It has taken Mad Dog and me awhile to agree on the type and style of bed we want. We had seen something on-line we both agreed on and were glad to see the same model on the store-room floor.

Sounds simple enough, doesn’t it?

It’s not.

The boys decide that the assortment of beds and furniture on display are there solely for their entertainment. Soon, T.Puzzle is climbing every, single one of the bunk beds and leaning dangerously over every edge he can access. I’m running around with my hands up in what I like to call the ‘perma-catch’ formation. You have to cup your hands sort of like a basket and the object is to always keep them directly under your child. This is not easy. Two year olds are notoriously fast and they rarely stay in one place.

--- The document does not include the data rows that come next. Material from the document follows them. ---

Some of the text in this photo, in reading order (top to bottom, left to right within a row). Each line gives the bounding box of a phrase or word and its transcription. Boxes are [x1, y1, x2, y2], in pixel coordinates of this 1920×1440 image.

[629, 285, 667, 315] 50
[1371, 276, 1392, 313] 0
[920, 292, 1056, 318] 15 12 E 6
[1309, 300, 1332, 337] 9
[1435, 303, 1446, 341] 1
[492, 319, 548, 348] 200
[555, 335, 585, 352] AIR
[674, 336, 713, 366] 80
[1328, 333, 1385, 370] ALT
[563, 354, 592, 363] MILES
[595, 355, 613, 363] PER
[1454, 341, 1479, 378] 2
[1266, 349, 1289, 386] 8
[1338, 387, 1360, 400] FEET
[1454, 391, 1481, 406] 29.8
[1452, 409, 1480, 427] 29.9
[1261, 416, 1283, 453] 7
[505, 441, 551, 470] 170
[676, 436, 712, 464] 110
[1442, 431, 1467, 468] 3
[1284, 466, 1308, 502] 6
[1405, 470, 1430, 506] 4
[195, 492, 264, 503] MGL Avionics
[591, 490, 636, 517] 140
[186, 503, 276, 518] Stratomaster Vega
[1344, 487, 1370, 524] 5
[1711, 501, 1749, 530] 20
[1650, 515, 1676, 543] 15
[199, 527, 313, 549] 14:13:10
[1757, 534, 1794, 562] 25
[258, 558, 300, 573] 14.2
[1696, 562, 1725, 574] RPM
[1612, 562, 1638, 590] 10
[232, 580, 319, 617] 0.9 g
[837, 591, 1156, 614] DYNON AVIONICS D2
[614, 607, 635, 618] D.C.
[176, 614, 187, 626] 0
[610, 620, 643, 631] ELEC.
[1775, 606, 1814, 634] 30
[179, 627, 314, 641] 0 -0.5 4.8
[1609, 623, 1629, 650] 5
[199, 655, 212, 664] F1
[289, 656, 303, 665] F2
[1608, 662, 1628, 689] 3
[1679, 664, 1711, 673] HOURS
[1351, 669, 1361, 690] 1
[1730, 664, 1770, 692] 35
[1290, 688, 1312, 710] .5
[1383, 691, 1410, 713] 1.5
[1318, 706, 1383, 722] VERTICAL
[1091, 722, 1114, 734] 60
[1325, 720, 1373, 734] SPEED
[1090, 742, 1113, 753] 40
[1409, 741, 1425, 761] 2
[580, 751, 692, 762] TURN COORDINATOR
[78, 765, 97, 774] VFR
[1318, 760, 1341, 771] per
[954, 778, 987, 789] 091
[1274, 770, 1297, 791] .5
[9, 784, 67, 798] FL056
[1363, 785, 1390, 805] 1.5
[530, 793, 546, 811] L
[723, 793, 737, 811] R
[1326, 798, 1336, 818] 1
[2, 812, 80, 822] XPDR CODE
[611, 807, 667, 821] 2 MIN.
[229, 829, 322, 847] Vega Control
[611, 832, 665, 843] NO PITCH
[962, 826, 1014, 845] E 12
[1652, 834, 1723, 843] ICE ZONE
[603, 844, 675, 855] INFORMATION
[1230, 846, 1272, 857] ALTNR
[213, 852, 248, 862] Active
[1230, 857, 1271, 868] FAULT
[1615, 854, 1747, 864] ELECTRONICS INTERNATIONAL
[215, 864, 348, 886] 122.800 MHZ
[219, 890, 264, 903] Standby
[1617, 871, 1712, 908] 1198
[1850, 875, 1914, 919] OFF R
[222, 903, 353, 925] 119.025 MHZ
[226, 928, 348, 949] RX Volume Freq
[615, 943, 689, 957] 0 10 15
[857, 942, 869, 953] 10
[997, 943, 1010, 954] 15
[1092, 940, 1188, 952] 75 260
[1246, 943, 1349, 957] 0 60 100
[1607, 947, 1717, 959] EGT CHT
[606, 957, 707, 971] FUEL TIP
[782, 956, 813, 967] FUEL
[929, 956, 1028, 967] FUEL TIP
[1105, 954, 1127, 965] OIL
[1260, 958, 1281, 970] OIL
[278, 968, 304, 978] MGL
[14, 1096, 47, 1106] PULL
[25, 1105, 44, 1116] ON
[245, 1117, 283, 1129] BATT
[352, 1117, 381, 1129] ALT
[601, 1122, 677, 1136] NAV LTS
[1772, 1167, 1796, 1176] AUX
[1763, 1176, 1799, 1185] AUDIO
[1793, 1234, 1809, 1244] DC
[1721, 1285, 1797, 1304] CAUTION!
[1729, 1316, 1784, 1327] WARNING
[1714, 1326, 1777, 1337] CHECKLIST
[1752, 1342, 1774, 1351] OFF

While I am playing “Catch the Two Year Old”, Full Speed is frustrated that he is not getting my focus of attention. He is getting pouty and every two seconds is announcing, “Look at me, I’m in the soccer chair. Look at me, I’m in the football bed. Look at me; I’m lying in the middle of the floor.”

I try to be patient but my patience is wearing thin. I try to calmly explain to Full Speed that I in fact, cannot watch him. I have to watch his little brother. T.Puzzle’s life depends on having my full concentration.

Out of the corner of my eye it appears that Mad Dog is engaged in some chit-chat with the salesman. Ladies, you’ve seen it before. When two men talk with their arms folded across their chests. It looks comfortable, relaxed and lengthy. I want to cry. (In Mad Dog’s defense, he was attempting to negotiate.)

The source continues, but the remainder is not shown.